TASK GOAL: Return every line of the records below verbatim, with no pictures in the copy.

RECORDS SHOWN:
================================

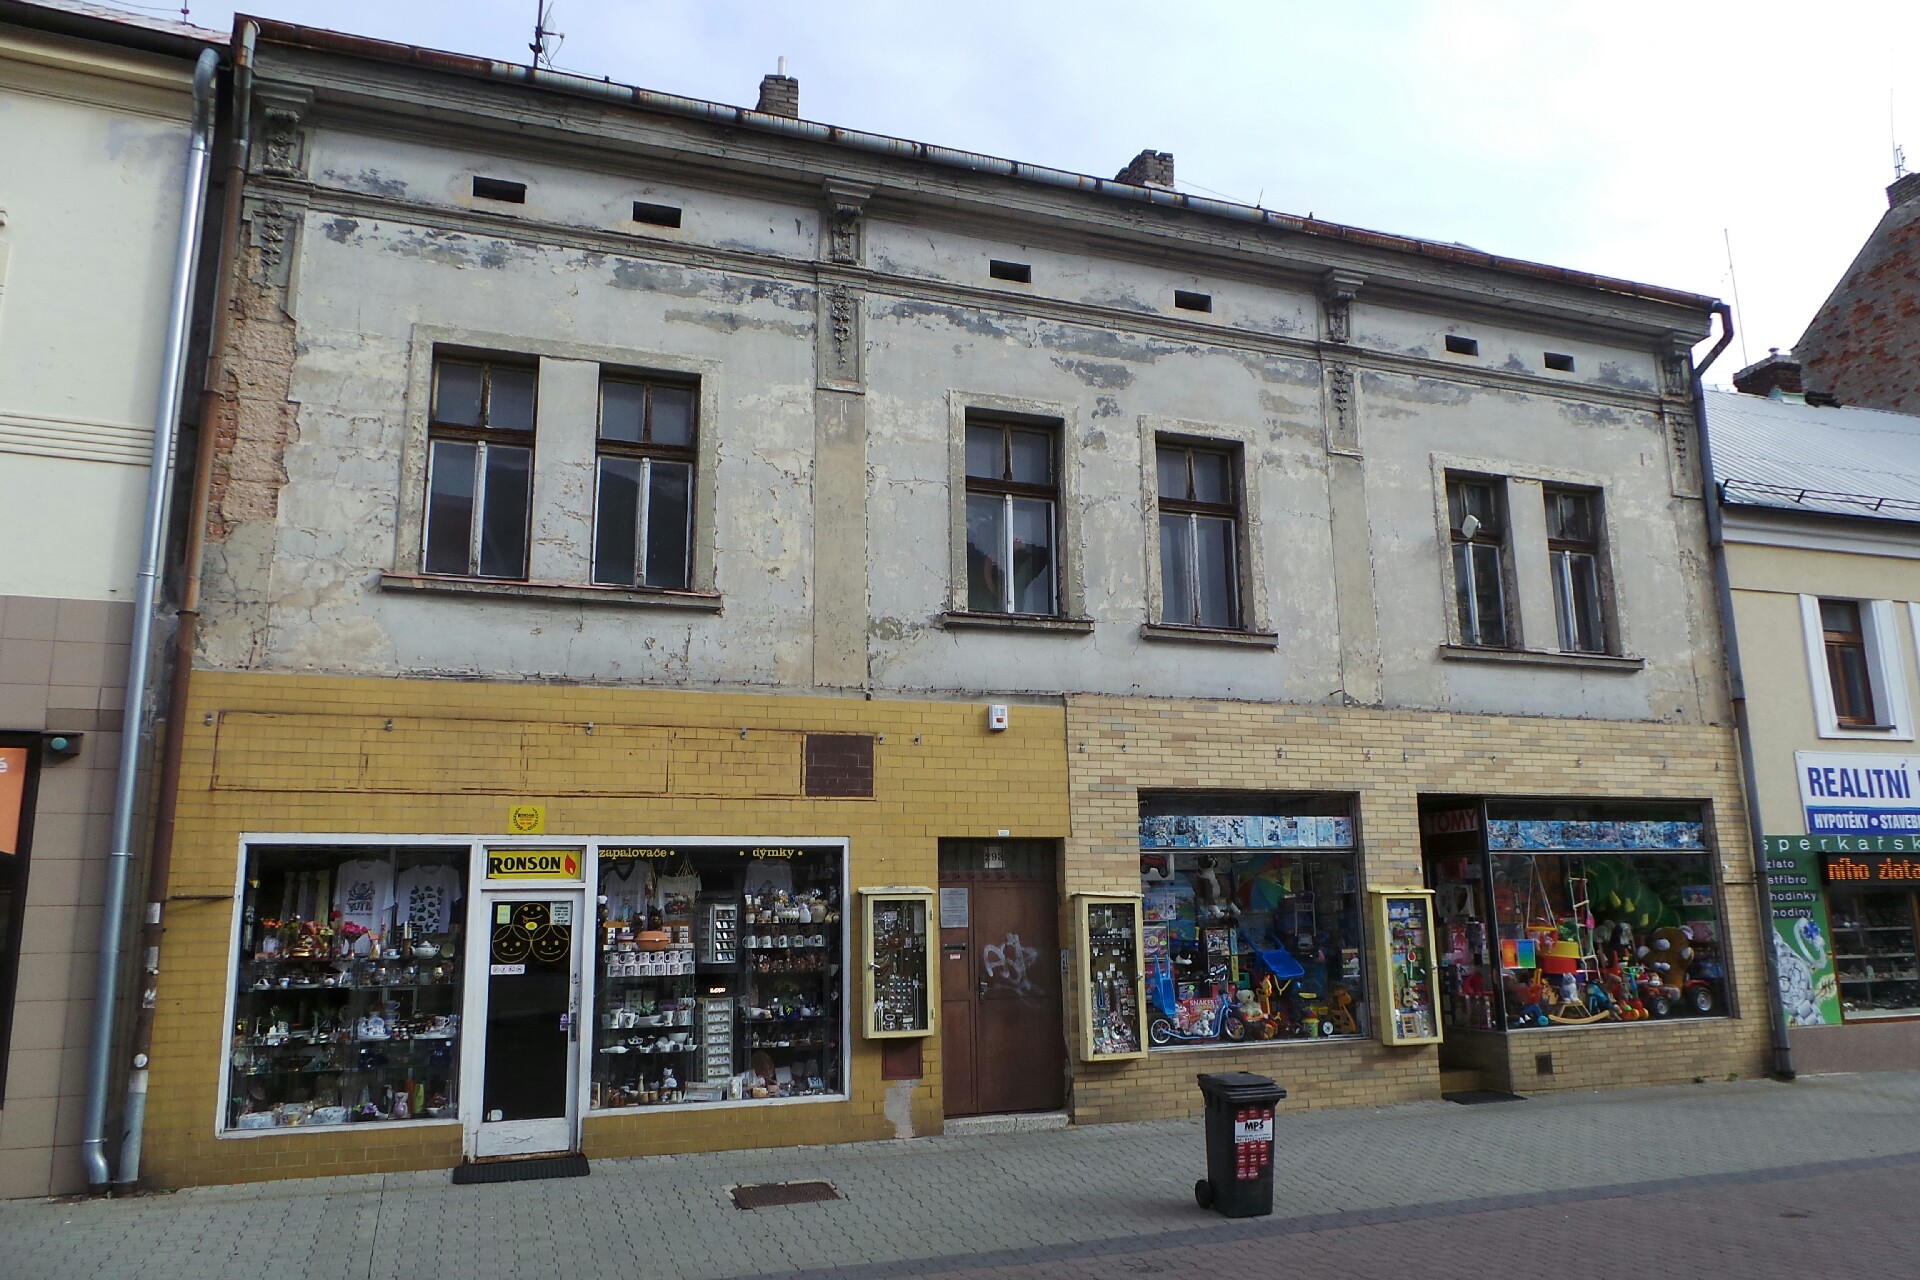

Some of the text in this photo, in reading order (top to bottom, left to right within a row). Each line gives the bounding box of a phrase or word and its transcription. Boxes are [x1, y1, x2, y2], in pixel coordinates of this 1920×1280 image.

[1807, 763, 1911, 798] REALITNÍ
[1814, 811, 1920, 829] HYPOTÉKY STAVEB
[599, 848, 667, 859] zapalovače
[752, 848, 795, 860] dýmky
[489, 856, 561, 874] RONSON
[1766, 859, 1795, 869] zlato
[1767, 874, 1808, 885] stříbro
[1770, 891, 1817, 902] hodinky
[1772, 908, 1812, 919] hodiny
[1244, 1120, 1264, 1131] MPS

================================

OUTPUT:
Some of the text in this photo, in reading order (top to bottom, left to right within a row). Each line gives the bounding box of a phrase or word and its transcription. Boxes are [x1, y1, x2, y2], in pixel coordinates of this 1920×1280 image.

[1807, 763, 1911, 798] REALITNÍ
[1814, 811, 1920, 829] HYPOTÉKY STAVEB
[599, 848, 667, 859] zapalovače
[752, 848, 795, 860] dýmky
[489, 856, 561, 874] RONSON
[1766, 859, 1795, 869] zlato
[1767, 874, 1808, 885] stříbro
[1770, 891, 1817, 902] hodinky
[1772, 908, 1812, 919] hodiny
[1244, 1120, 1264, 1131] MPS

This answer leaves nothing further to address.